- Born: January 16, 1941
- Died: February 12, 2023 (aged 82)
- Occupations: Historian, author, editor, scholar
- Spouse: L. Jackson Newell

Academic work
- Main interests: History of Mormonism
- Notable works: Mormon Enigma: Emma Hale Smith

= Linda King Newell =

American historian and author (1941–2023)

Linda King Newell (January 16, 1941 – February 12, 2023) was an American historian and author.

Newell co-authored the 1984 book entitled, Mormon Enigma: Emma Hale Smith, with Valeen Tippetts Avery. During this time (1982–86) she was editor of the scholarly Mormon periodical entitled, Dialogue: A Journal of Mormon Thought, with her husband L. Jackson Newell, a professor at the University of Utah, who also would serve as president of Deep Springs College.

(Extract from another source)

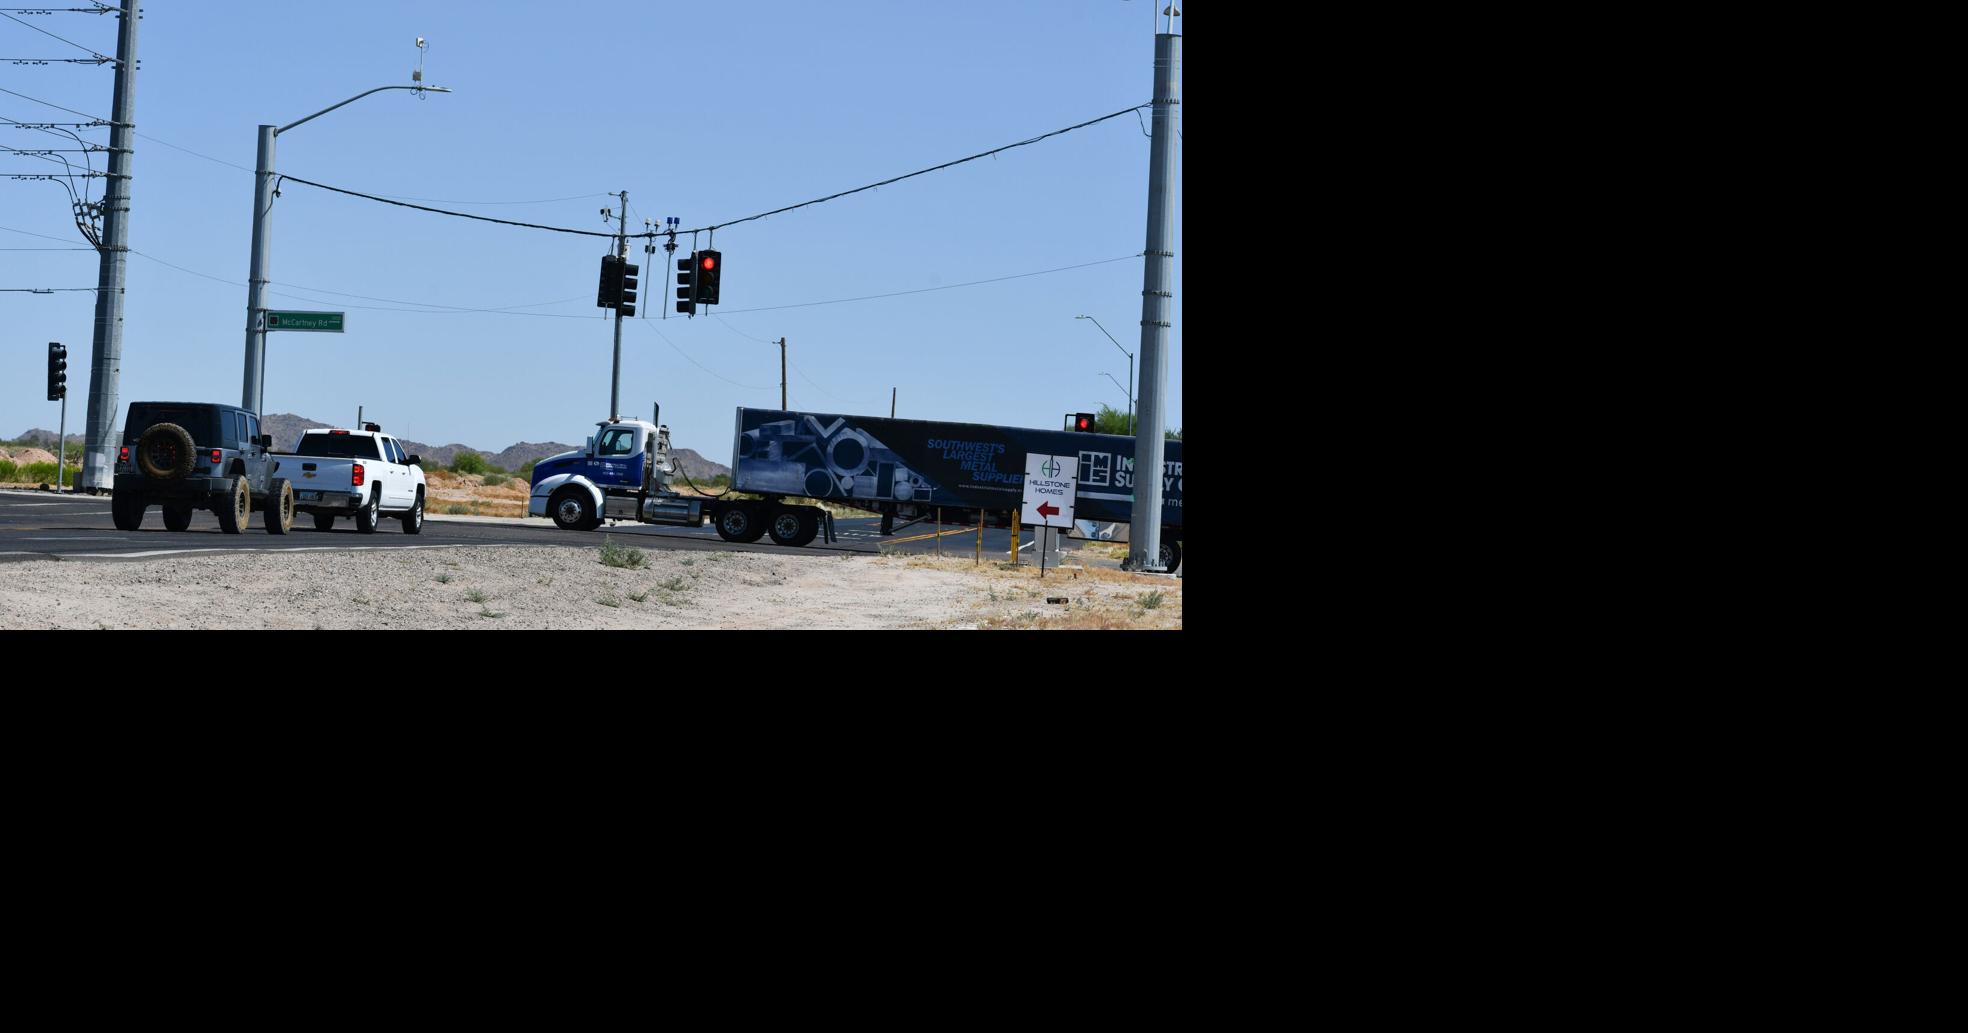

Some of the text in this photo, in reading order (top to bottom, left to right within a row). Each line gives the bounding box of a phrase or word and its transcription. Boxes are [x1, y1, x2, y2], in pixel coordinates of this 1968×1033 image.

==Early life and education==
Linda King was born on January 16, 1941, to Foisy Earl King and Pearl King in Richfield, Utah. She grew up in Fillmore, Utah, and attended the Southern Utah University, studying art and education on a scholarship. She graduated in 1963. Newell married her husband, L. Jackson, in 1963 and they had three children together.

==Mormon studies==
While Newell did not have formal training as a historian, she achieved prominence for her work in Mormon studies. Mormon Enigma, her biography of Emma Smith received the interpretive history prize from the Mormon History Association. This and her other articles examining how women's power in the Church of Jesus Christ of Latter-day Saints (LDS Church) diminished after the 1950s caused her to be blacklisted by Mormon leaders. She was not allowed to speak about Mormon history at LDS Church events or meetinghouses, and her work was not allowed to be cited in church-published material.

==Professional positions==
Newell served as president of the John Whitmer Historical Association in 1988 and the Mormon History Association from 1996 to 1997. Recognized as a scholar in the field of feminism, her work gained acclaim.

==Death==
She died on February 12, 2023, at the age of 82.

== Publications ==
- Mormon Enigma: Emma Hale Smith, Prophet's Wife, Elect Lady, Polygamy's Foe. Doubleday Publishing, September 1984. ISBN 0-385-17166-8.
- The Historical Relationship of Mormon Woman and Priesthood, In: Maxine Hanks ed. Women and Authority, 1992, pp. 23 – 48.

== Notes ==
- Anderson, Devery S. (2002). "A History of Dialogue, Part Three: The Utah Experience, 1982-1989". Discusses the religious controversy following Mormon Enigma's initial publication in 1984 (page 40 to 48).